The "HACKING" file is usually a README for developers.

In case anyone else attempts to do anything to dclib's code, here as some of
the reasons why it is essentially planned to abandon it completely.

* Originally dclib used nothing from the standard C++ library,
instead implementing everything itself, including:
- A string class which used to claim it was implicitly shared in the header,
but it's not, and it's mostly passed around by value. Millions of strings used
to be burned through during filelist refresh, a bit less now.
- Pointer based linked list always with auto delete.
- Pointer based hash table where the "hash" function is take the
first character, recursively implemented to use more characters.
In addition the remove without delete always used to forget the
"without delete" part when more than the first character was used
(bug not hit by any current code).
- A thread class which calls it's "run" method repeatedly until somebody
calls stop, also it inherits the mutex class.

* Almost everything in dclib runs on the same thread (CManager), every
connection inherits CThread, none are started. Each hub or peer connection
has about 5 mutexes (CThread inherits CMutex, CConnection contains 2 CMutexes,
CDCProto has a CMutex, and then CClient and CTransfer have a CMutex). There is
mutex locking and unlocking everywhere, presumably mostly for protection
between CManager's thread and the GUI.

* The hash database keeps nothing in any particular order, and is implemented
using a few byte arrays, so is highly prone to error, plus the data saved to
disk is CPU (endian, word size) dependant.

* CSearchManager is mainly designed for taking hubs from a long list,
automatically connecting to them, sending a search, waiting for some results
for a little while, then leaving.

* There is no verification of the received data using the TTH leaf data,
mostly due to TTH support being added later without re-designing various
classes.

* Almost any change to dclib will break binary compatibility. dclib being
separate from valknut is not helpful.

* dclib using anything other than QT classes is not helpful.
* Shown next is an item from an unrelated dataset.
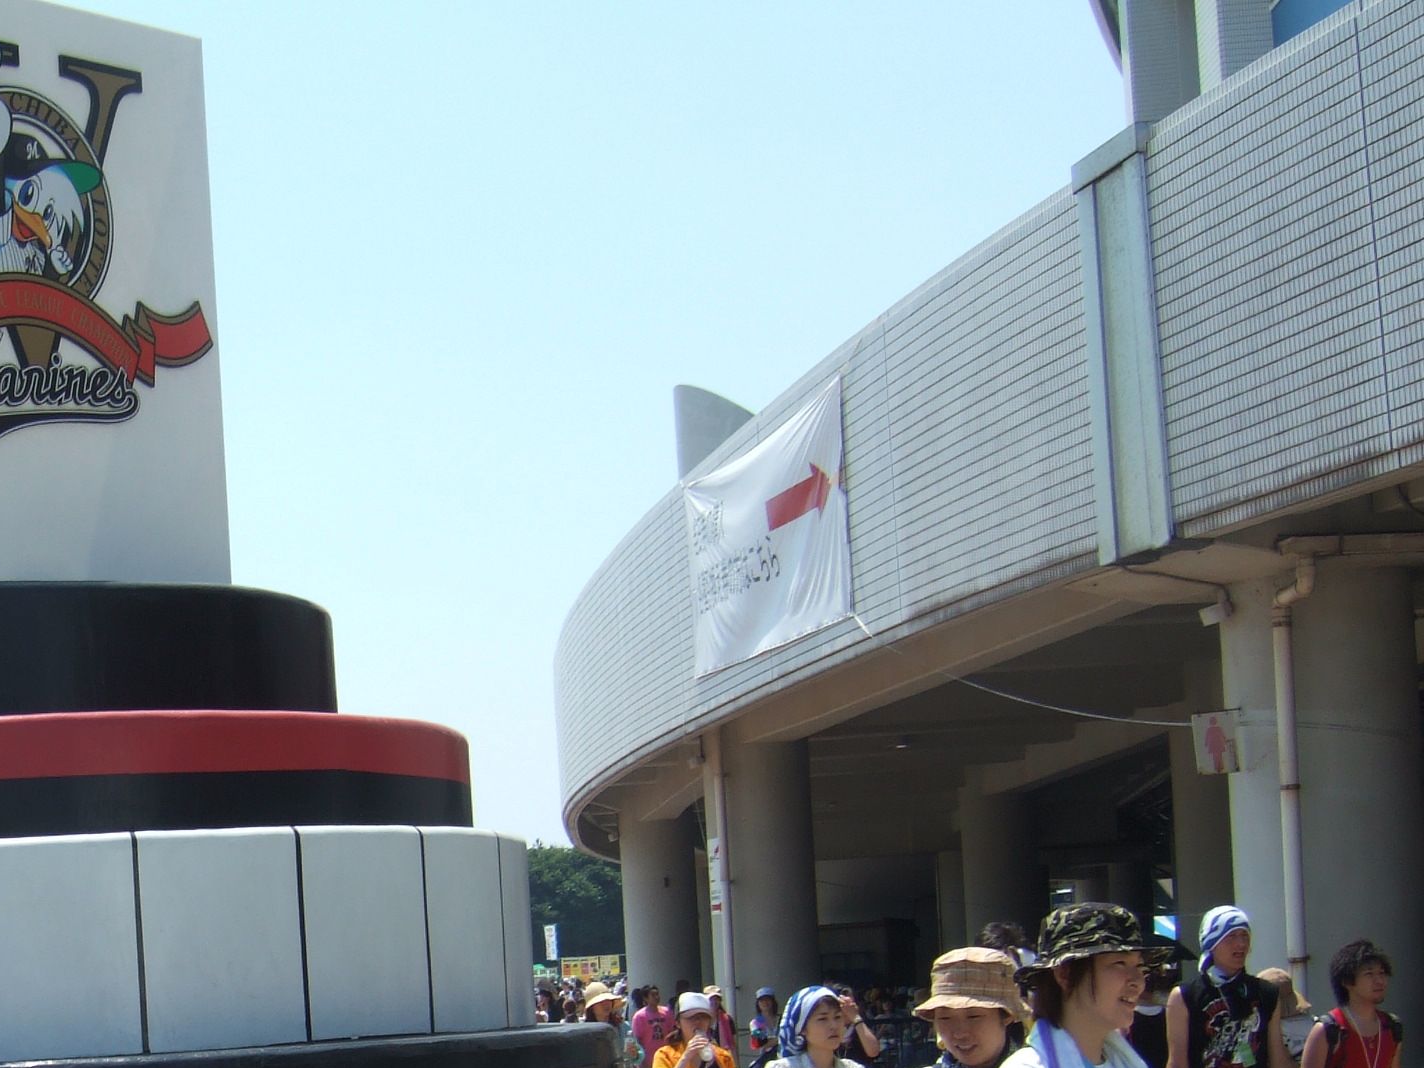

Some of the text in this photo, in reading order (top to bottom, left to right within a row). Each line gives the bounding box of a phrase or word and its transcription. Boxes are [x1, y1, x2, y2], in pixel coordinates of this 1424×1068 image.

There were some efforts to fix some of the above issues, usually re-writing
everything to use std::list or std::map instead of CList or CStringList, or
to not use up so many CString objects. Some improvements were made but most
efforts were not finished due to attention moving elsewhere.

I now consider creating a new ADC client, with support for the old NMDC
protocol, without using much from dclib or even valknut, done entirely
in QT 4.4, will not only end up better, but get there faster and with
less effort, than continuing to completely re-write dclib over and over again
a little bit at a time, attempting to improve it. Continuing to attempt to
improve dclib will most likely result in another 50 broken versions
and ADC support will never even get started.